O emaranhado de relações no Oriente Médio é muitas vezes mencionado, porém, poucas vezes explicado. Este e outros textos da coluna são um “guia rápido” para compreensão dos atores envolvidos na atual guerra fria entre Arábia Saudita e Irã na região. Um choque geopolítico, ideológico e religioso que está ligado à diversos conflitos locais, com interesses de grandes potências e no centro das atenções mundiais.

A primeira e a segunda parte, sobre sauditas e iranianos, respectivamente, já foram publicadas. E não é só pelo potencial destrutivo e mortal do conflito, mas pela relação com o petróleo. Flutuações de preço e o próprio uso do óleo como uma ferramenta geopolítica podem fazer com que um espirro no Golfo Pérsico cause uma gripe do outro lado do globo. Os choques do petróleo da década de 1970 são a lembrança mais fácil dessa questão.

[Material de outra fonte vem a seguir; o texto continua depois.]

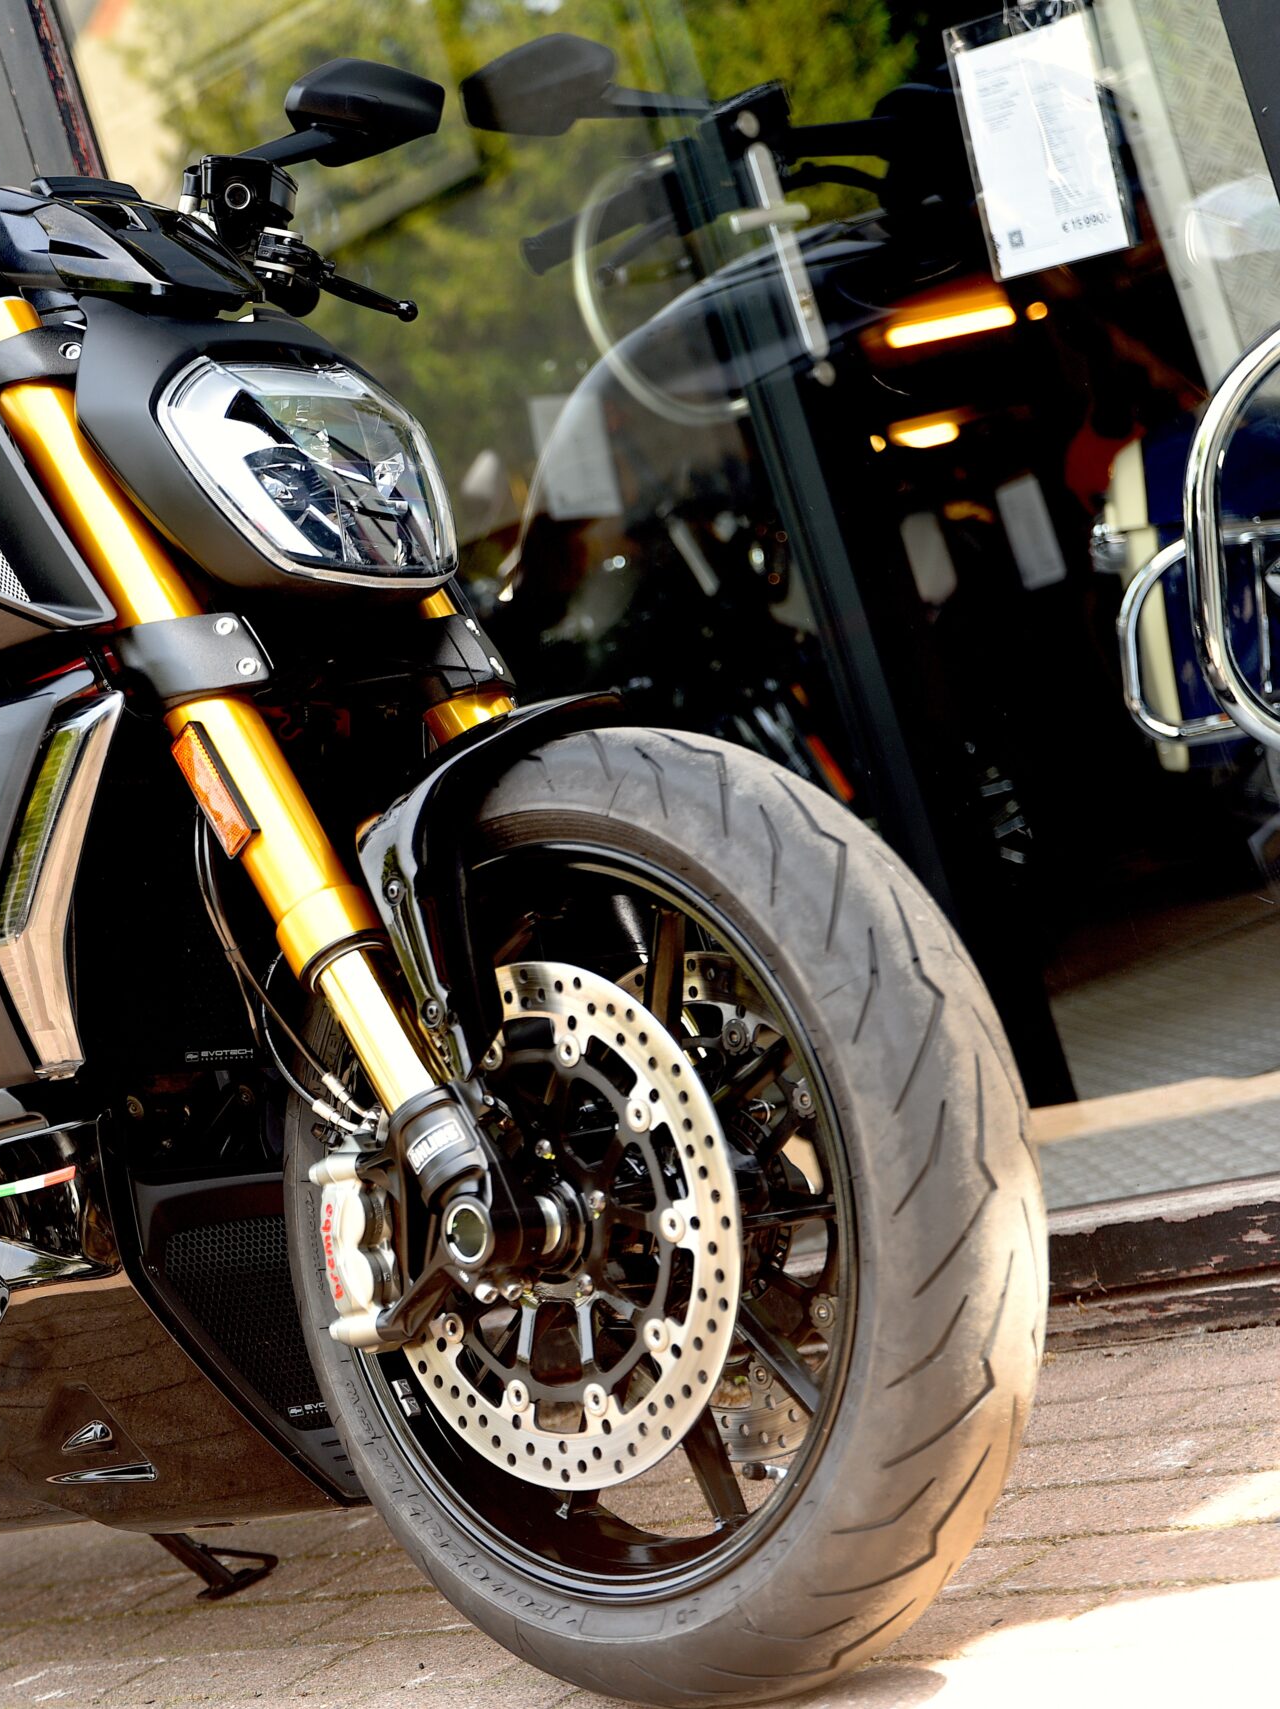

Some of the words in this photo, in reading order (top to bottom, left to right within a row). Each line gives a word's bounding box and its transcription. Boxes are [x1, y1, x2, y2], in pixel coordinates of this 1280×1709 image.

[200, 1048, 254, 1057] EVOTECH
[320, 1203, 345, 1301] brembo
[304, 1402, 328, 1410] EVO

Posteriormente, tratou-se dos interesses de outros países envolvidos, tanto da região quanto de fora da região. Na sexta e última parte dessa série de textos, cabe um olhar aos locais que são alvos desses interesses, objetos de desejo e de tensão. Seja para projetar os próprios interesses ou para deter as da potência rival. Um processo que também causa efeitos colaterais nocivos, com populações vizinhas pagando o preço da tensão.

Iraque

O caso iraquiano é central para a compreensão do conflito entre sauditas e iranianos. O Iraque era o principal candidato à rival saudita pelo predomínio no mundo árabe, porém, em um viés secular e nacionalista. Uma série de eventos, entretanto, transformou o país mesopotâmico em um campo de disputa entre os vizinhos, um coadjuvante de um entrave maior. Primeiro, a desgastante guerra Irã-Iraque, que se arrastou por oito anos, custou um milhão de vidas e não mudou absolutamente nada.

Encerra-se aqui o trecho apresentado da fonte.